Steam Video Game Review Recommender System
Task 1: Would Play
For the would play task, various different methods were attempted including creating a classifier combining popularity and the Jaccard similarity, and iterating through multiple types of classifiers, such as Logistic Regression and SVM. Additionally, the actual game counts were used features rather than whether they were popular or not. Lastly, the minimum and maximum achieved Jaccard similarity scores were looked at.
The method achieving the highest accuracy was to use a collaborative filtering strategy where the delineator was the average Jaccard similarity rating. The threshold value was optimized to find the best accuracy, with the best value being 9.0×10^(-3).
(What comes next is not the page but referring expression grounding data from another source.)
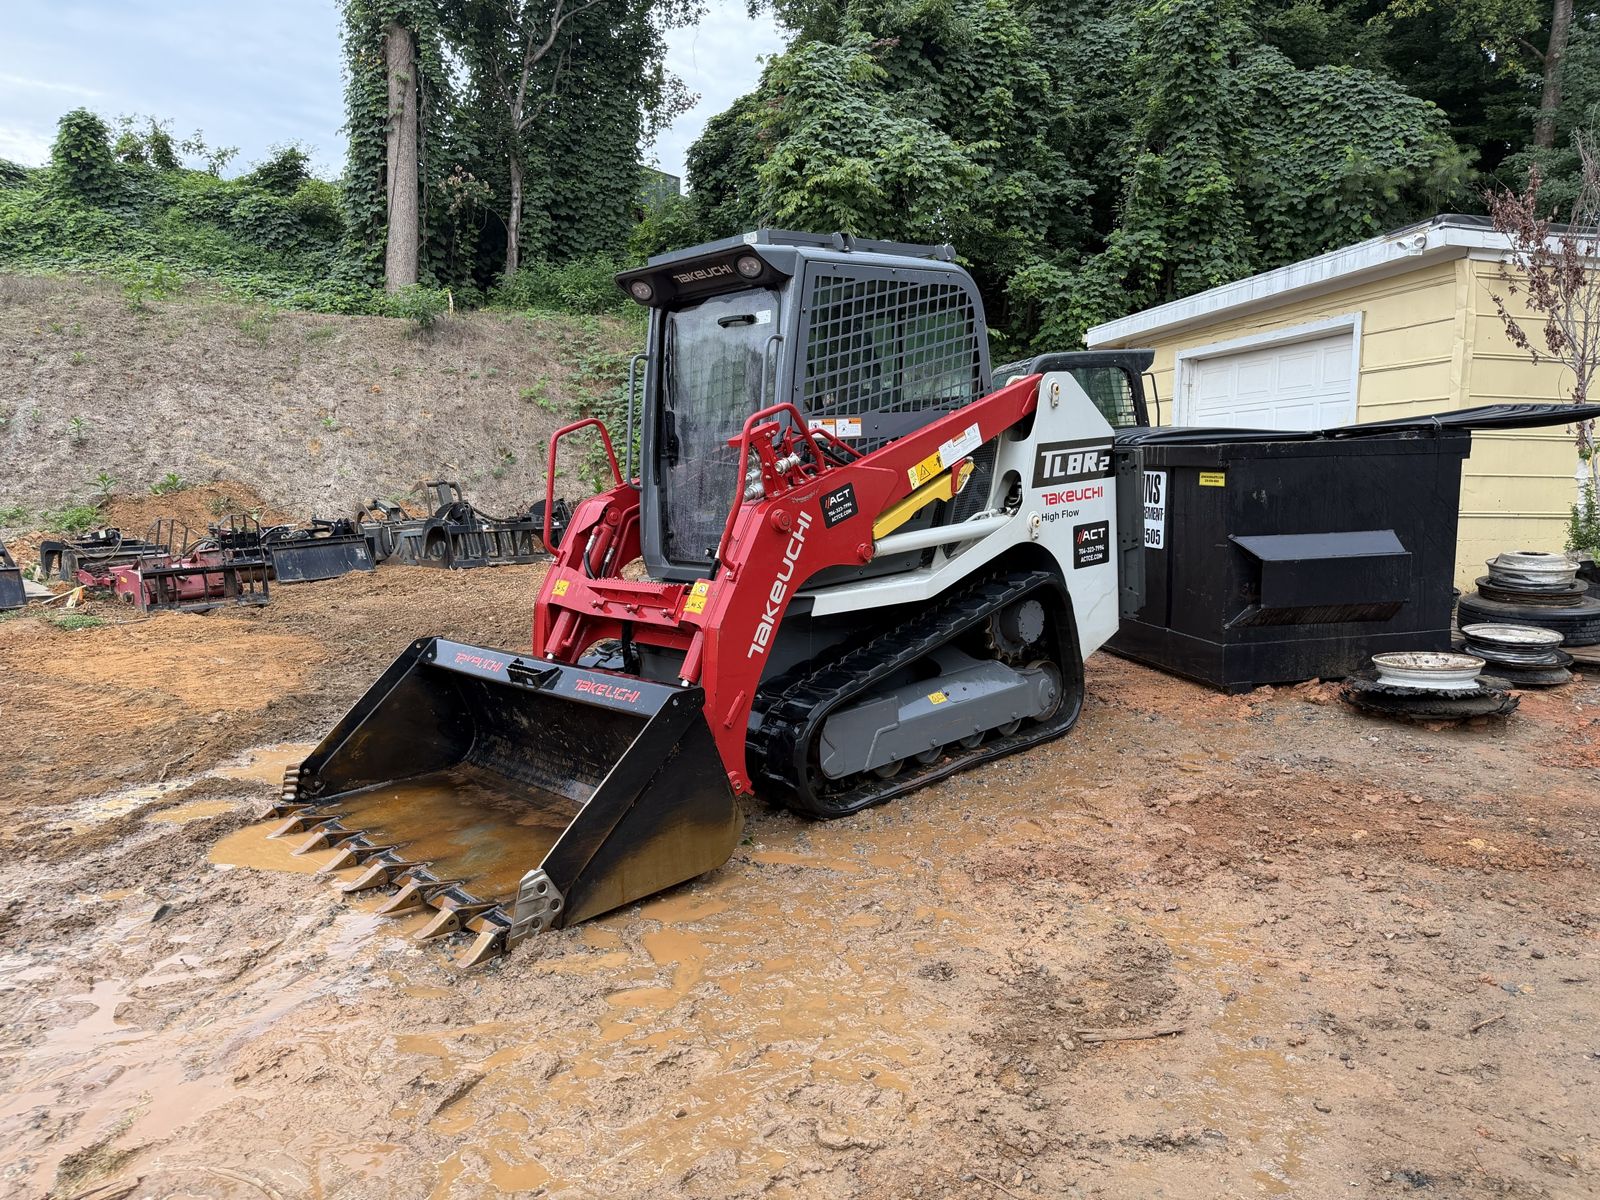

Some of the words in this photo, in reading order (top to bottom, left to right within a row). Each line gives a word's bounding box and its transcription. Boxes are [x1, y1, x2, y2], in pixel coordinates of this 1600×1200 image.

[1041, 444, 1112, 479] TL8R2
[1144, 473, 1161, 504] NS
[830, 488, 850, 506] ACT
[1041, 510, 1059, 523] High
[1061, 508, 1080, 519] Flow
[1082, 527, 1106, 542] ACT
[1080, 553, 1103, 563] ACTCE.COM
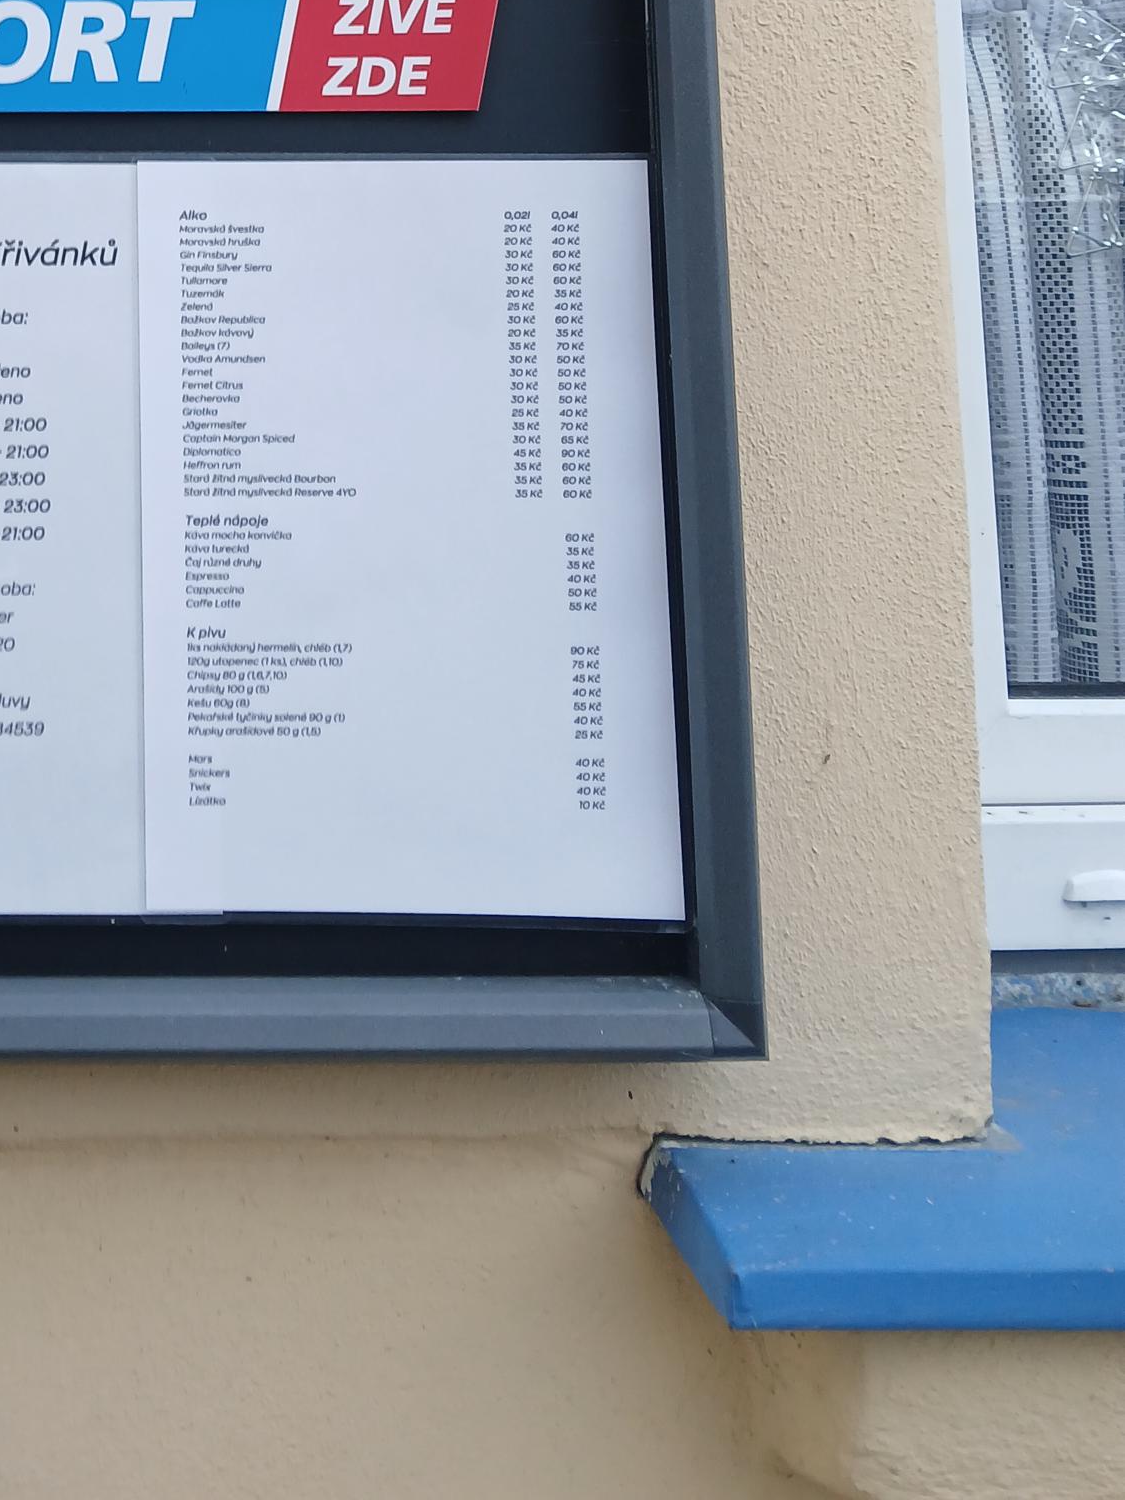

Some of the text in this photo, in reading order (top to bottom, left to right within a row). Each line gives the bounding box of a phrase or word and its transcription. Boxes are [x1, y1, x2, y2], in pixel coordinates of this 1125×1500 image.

Final accuracy: 0.72050
Task 2: Time Played
Multiple methods were again tested for this prediction task. A simple latent factor baseline model was expanded to a complete latent factor model, but it found overfit to the training data by quite a lot and was also rather slow to train. Additionally, the Cosine and Pearson similarities were found to be unsuccessful as well. Lastly, a multitude of different regression models were tested, such as Linear Regression, Bayesian Ridge, and Elastic-Net.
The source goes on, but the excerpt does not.